TASK BRIEF:
Here the job is to copy the data exactly and to exclude every image from it.

PROVIDED RECORDS:
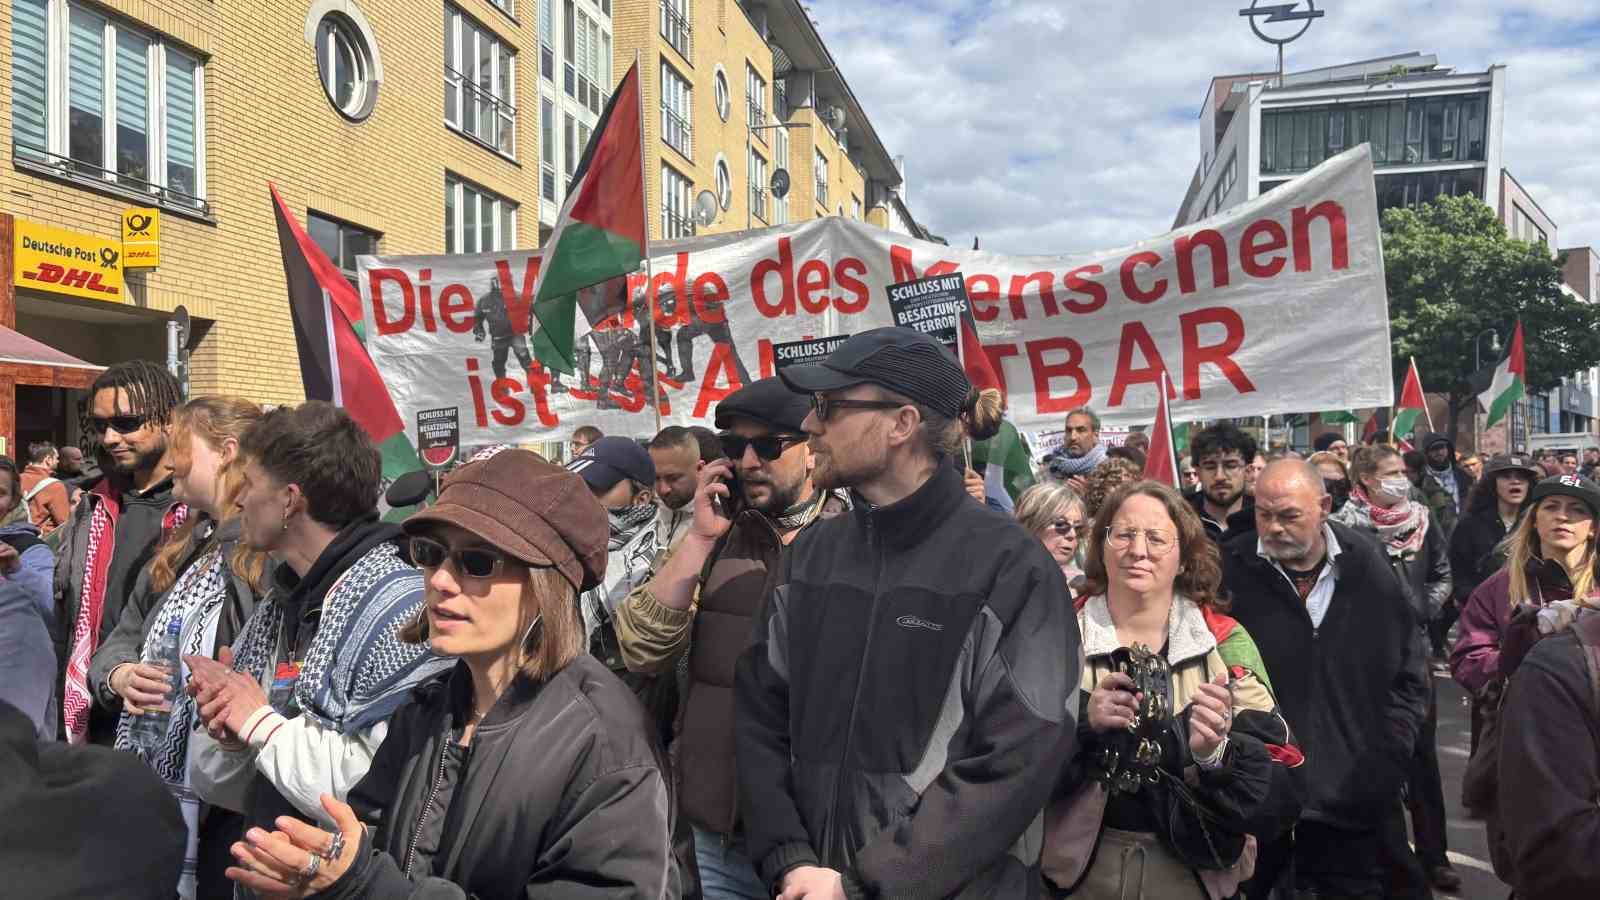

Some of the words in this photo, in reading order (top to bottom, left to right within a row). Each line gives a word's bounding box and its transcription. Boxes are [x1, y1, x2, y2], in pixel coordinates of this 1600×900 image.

[23, 236, 72, 258] Deutsche
[74, 247, 96, 263] Post
[37, 262, 106, 292] DHL
[368, 267, 474, 336] Die
[750, 237, 870, 318] des
[891, 280, 940, 301] SCHLUSS
[941, 277, 960, 291] MIT
[777, 342, 825, 360] SCHLUSS
[466, 357, 559, 428] ist
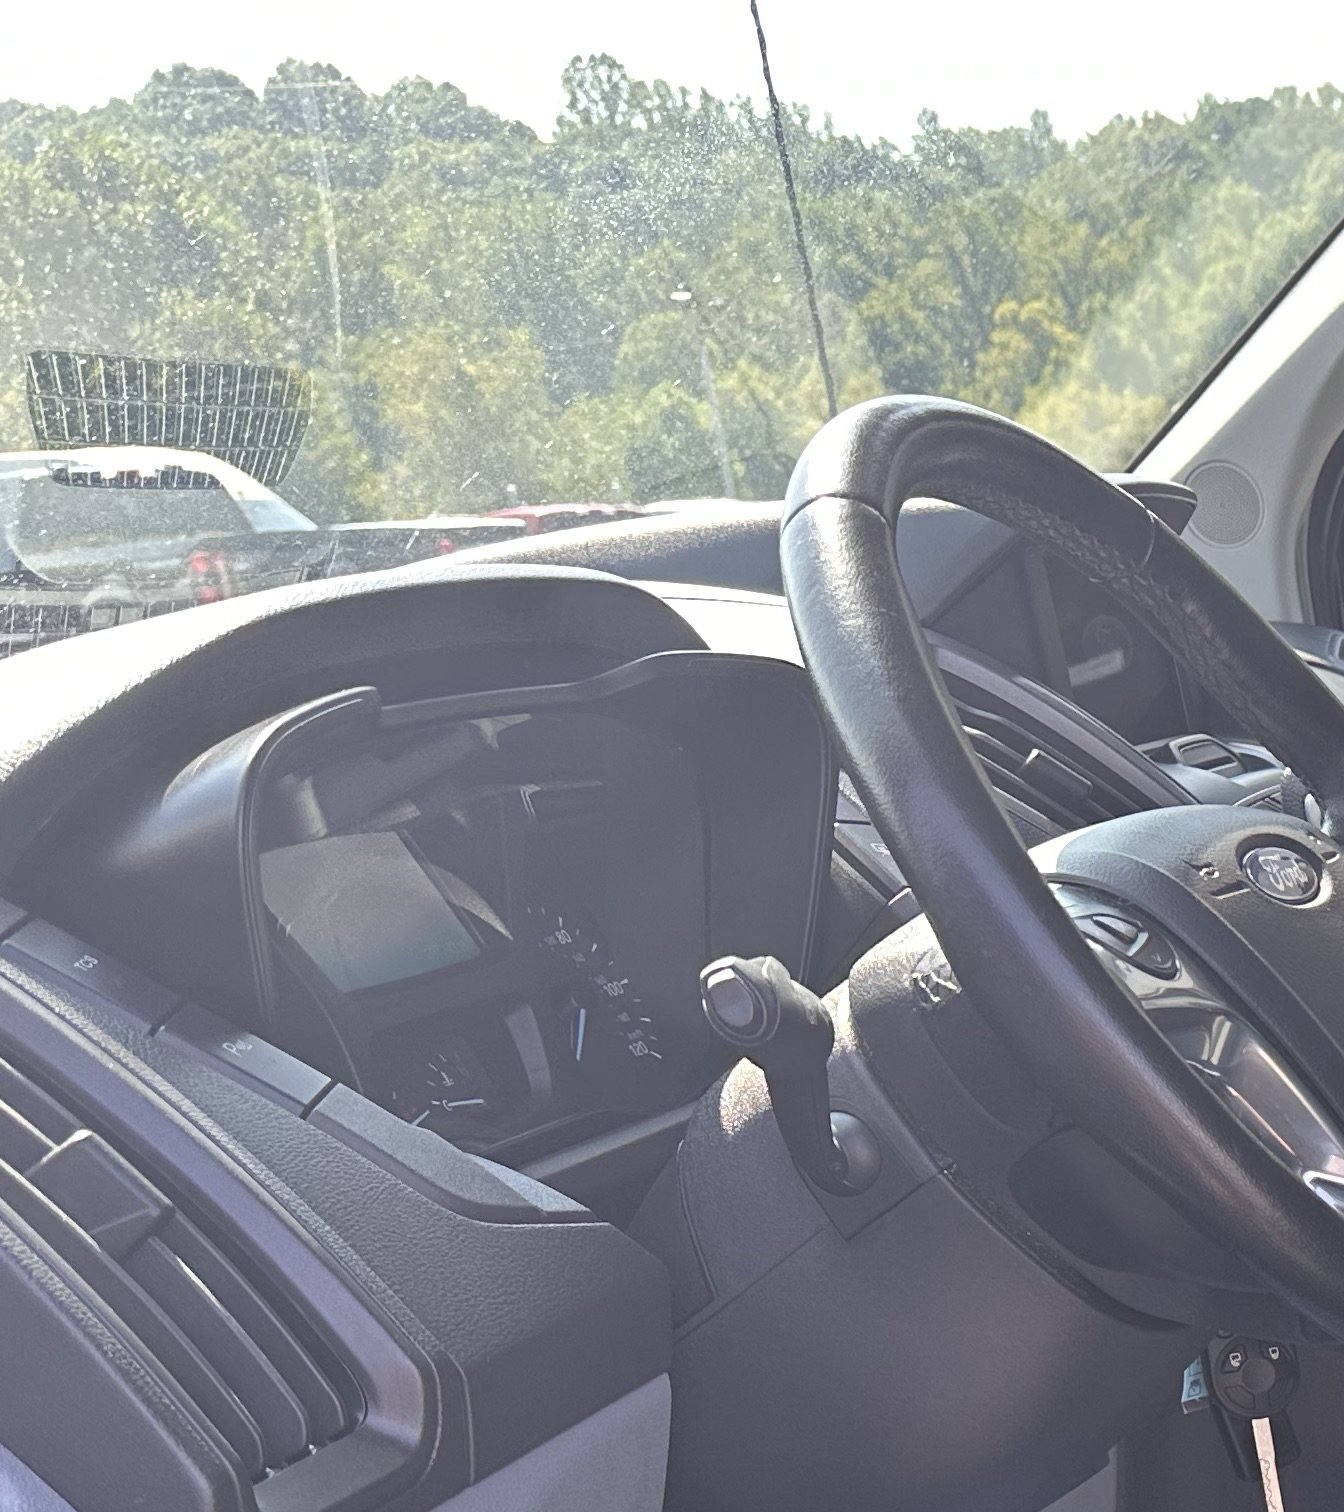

YOUR RESPONSE:
Some of the words in this photo, in reading order (top to bottom, left to right within a row). Each line gives a word's bounding box and its transcription. Boxes are [x1, y1, x2, y2], in pixel coordinates of this 1600×900 image.

[23, 236, 72, 258] Deutsche
[74, 247, 96, 263] Post
[37, 262, 106, 292] DHL
[368, 267, 474, 336] Die
[750, 237, 870, 318] des
[891, 280, 940, 301] SCHLUSS
[941, 277, 960, 291] MIT
[777, 342, 825, 360] SCHLUSS
[466, 357, 559, 428] ist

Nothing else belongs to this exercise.